8.3 Map Configuration to Checklist
For each check item in the checklist, determine the assessment status:
| Status | Meaning |
|---|
| 🟢 PASS | The resource configuration meets or exceeds the recommendation |
| 🔴 FAIL | The resource configuration does not meet the recommendation |
| 🟡 WARN | Cannot be fully verified from infrastructure alone (e.g., client-side settings), or partially meets the recommendation |
| ⚪ N/A | The check does not apply to this resource (e.g., Global Datastore check when cross-region DR is not required) |
For each item, record:
- The check ID and name (from the checklist)
- The assessment status (PASS / FAIL / WARN / N/A)
- A specific finding describing what was observed (include actual values)
8.4 Generate Assessment Report
Generate the assessment results using the format defined in
references/output-template.md
,
then
write it to a local markdown file using the Write tool.
This is the ONLY output file when a target resource is provided. The assessment report is
self-contained and includes all checklist information (Description, Source, Priority) alongside
the assessment results. Do NOT generate a separate checklist file.
File naming:
YYYY-mm-dd-HH-MM-SS-{RESOURCE_ID}-assessment-report.md
- Replace with the current timestamp (e.g., )
- Replace with the actual resource identifier, lowercase, hyphens for separators
- Example:
2025-07-15-14-30-00-my-redis-cluster-assessment-report.md
- Save the file in the current working directory
The report must include:
- Resource Summary — key properties of the assessed resource (engine, version, node type, topology, etc.)
- Assessment Results by Category — one table per category with full checklist columns
(Check Item, Description, Source, Priority) PLUS assessment columns (Status, Finding)
- Assessment Summary — counts of PASS/FAIL/WARN/N/A per category
- Critical Issues — list of all FAIL items with Priority=High, with specific remediation guidance
- Recommendations — grouped by urgency (Immediate / Short-term / Medium-term)
- Source Annotations — legend for source abbreviations
- Key Reference Links — documentation pages used
After writing the file, inform the user of the file path.
8.5 Offer Remediation
After presenting the assessment results, suggest:
- Which FAIL items can be fixed in-place (e.g., enabling backups, adding tags)
- Which FAIL items require resource recreation (e.g., encryption at rest)
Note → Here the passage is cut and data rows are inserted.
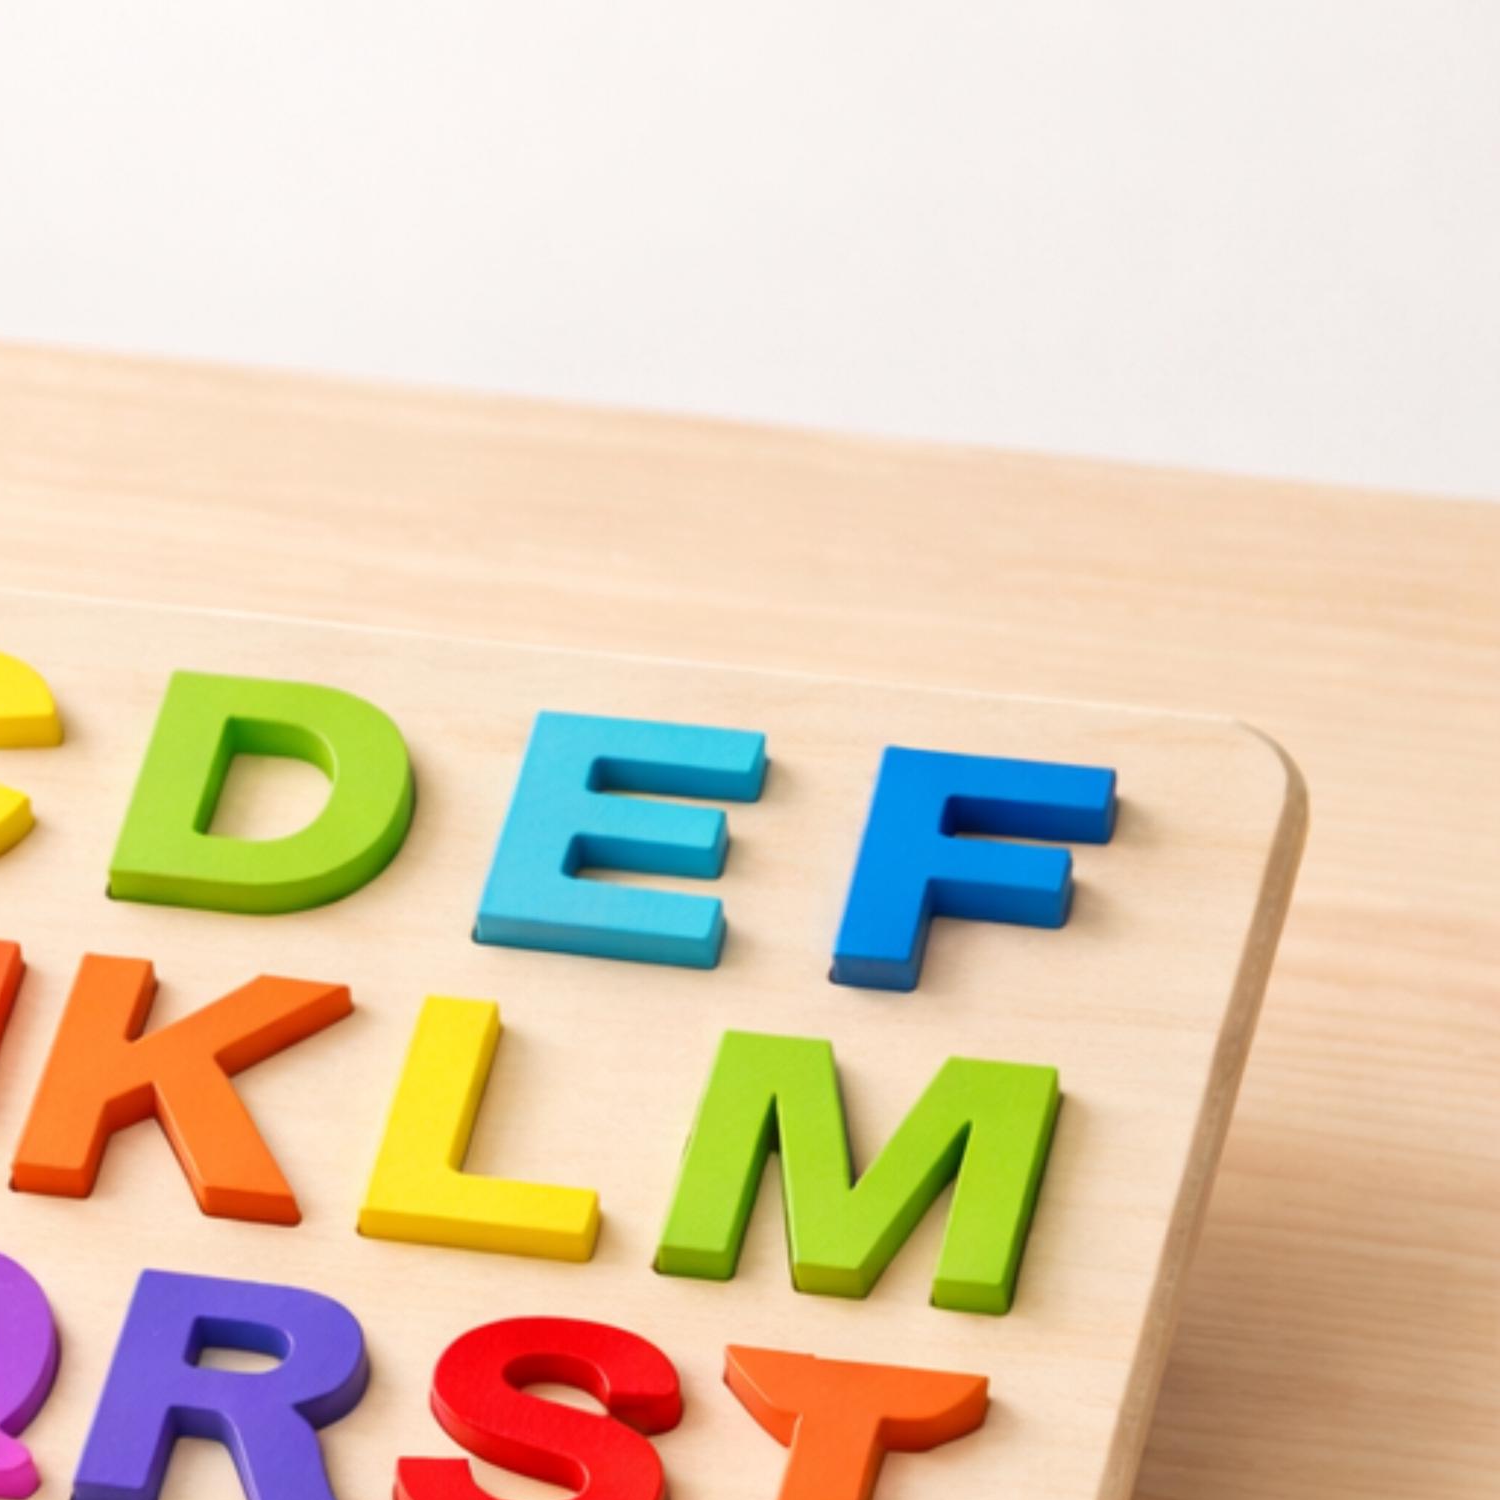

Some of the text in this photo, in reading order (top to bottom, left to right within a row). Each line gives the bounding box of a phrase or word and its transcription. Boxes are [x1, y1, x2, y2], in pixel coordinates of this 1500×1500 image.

[107, 671, 417, 914] D
[474, 711, 768, 968] E
[830, 745, 1118, 991] F
[11, 953, 355, 1226] K
[358, 995, 602, 1264] L
[652, 1031, 1064, 1317] M
- Whether you can help execute the remediation commands
Important Guidelines
- Be comprehensive: Search broadly, read deeply. The value of this skill is completeness.
It's better to include a check item and mark it as lower priority than to miss it.
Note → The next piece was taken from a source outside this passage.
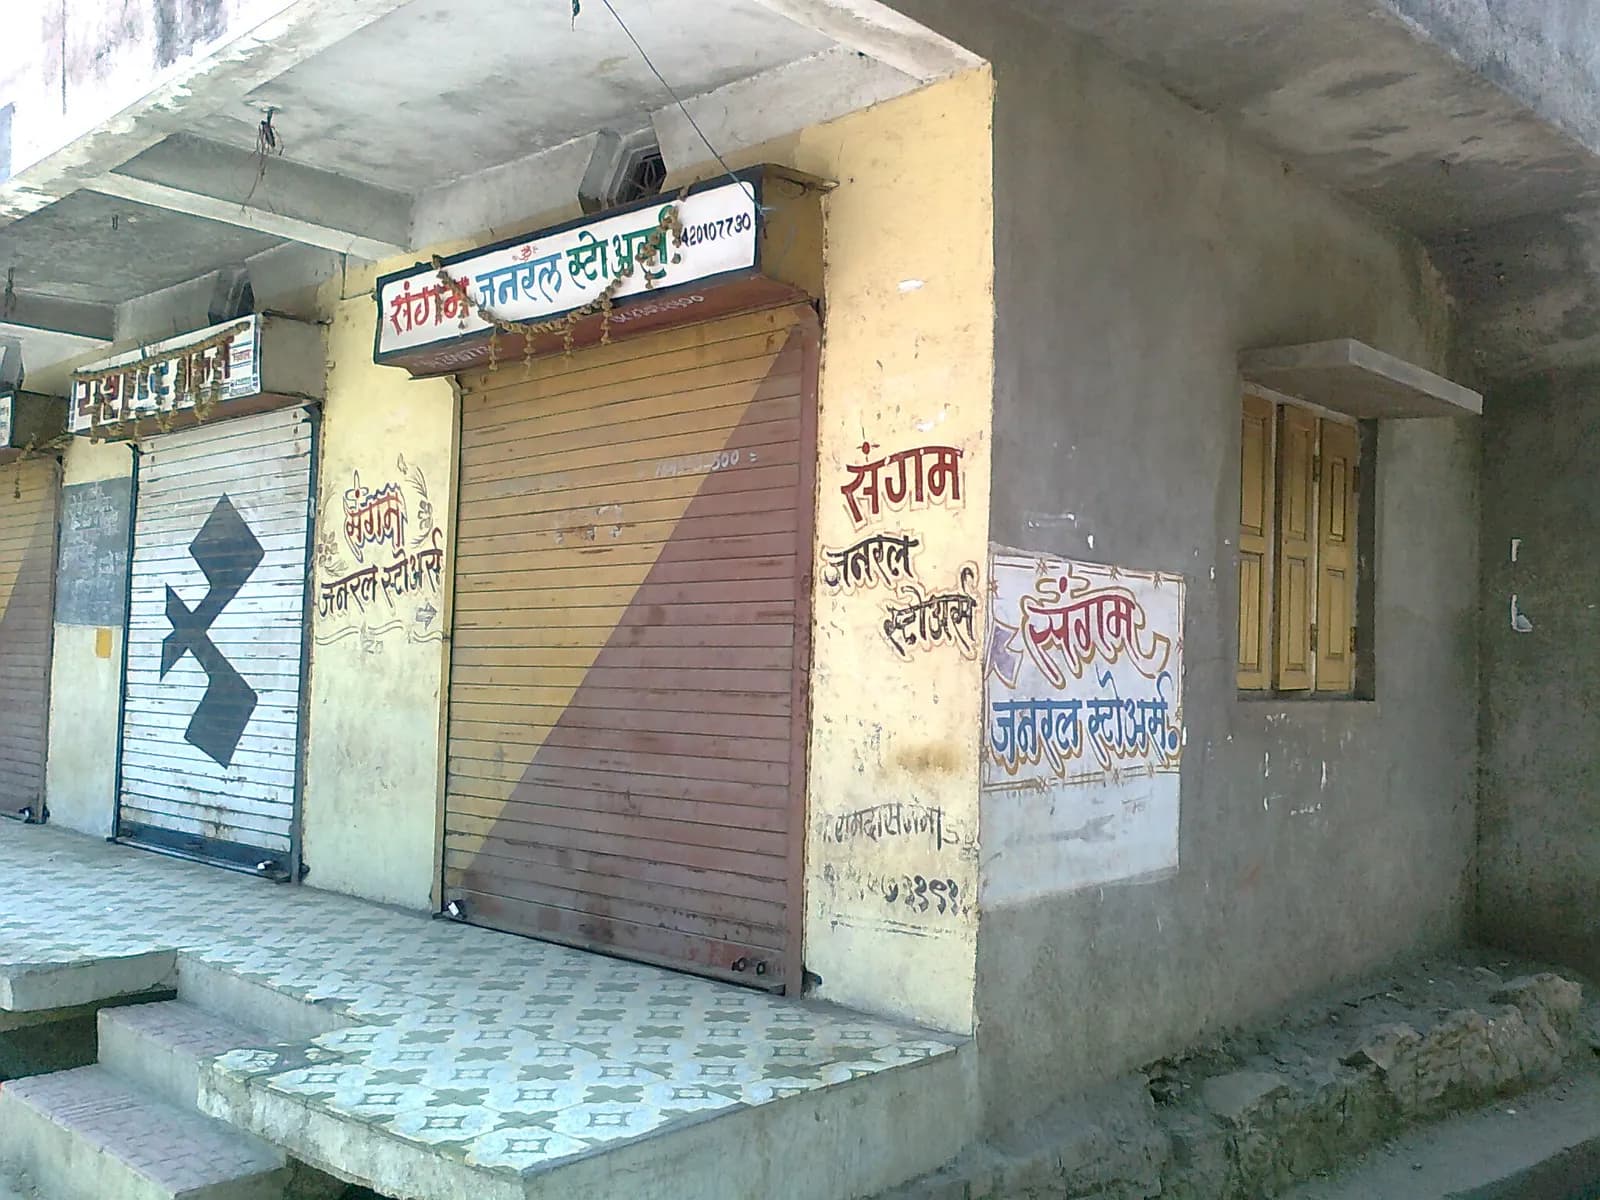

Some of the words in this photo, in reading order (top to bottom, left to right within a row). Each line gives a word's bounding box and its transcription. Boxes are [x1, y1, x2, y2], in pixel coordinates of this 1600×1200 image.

- Always cite sources: Every check item must have a source annotation.
Users need to know where each recommendation comes from.
- Always use sequential requests: All searches and page reads must be executed one at a
time, sequentially. Never send multiple aws knowledge mcp server requests in parallel.
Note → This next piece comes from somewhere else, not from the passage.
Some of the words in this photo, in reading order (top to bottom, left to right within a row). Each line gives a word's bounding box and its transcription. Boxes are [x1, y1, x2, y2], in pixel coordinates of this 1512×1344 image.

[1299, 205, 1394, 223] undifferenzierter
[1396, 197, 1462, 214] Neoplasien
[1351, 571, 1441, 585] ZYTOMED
The MCP server has rate limits that will reject concurrent requests with "Too many requests"
errors. Sequential execution is slower but reliable.
- Rate limit protection: If any MCP request returns a "Too many requests" error, wait
5 seconds and retry the same request once. If it fails a second time, skip that request
and continue with the next step. Do not retry more than once per request.
- Focus on actionable items: Each check item should be something the user can verify
against their actual configuration. Avoid vague recommendations.
- Include specific thresholds: When documentation specifies numbers (e.g., "at least 2 replicas",
"reserved-memory-percent >= 25%"), include them in the check description.
- Note service-specific nuances: If a check only applies under certain conditions
(e.g., "only if cluster mode enabled"), note that in the description.
- Live assessment is optional: Never fail or block if the user doesn't provide credentials.
The checklist alone is a complete, valuable deliverable.
- Respect language: Always output in the same language as the user's conversation.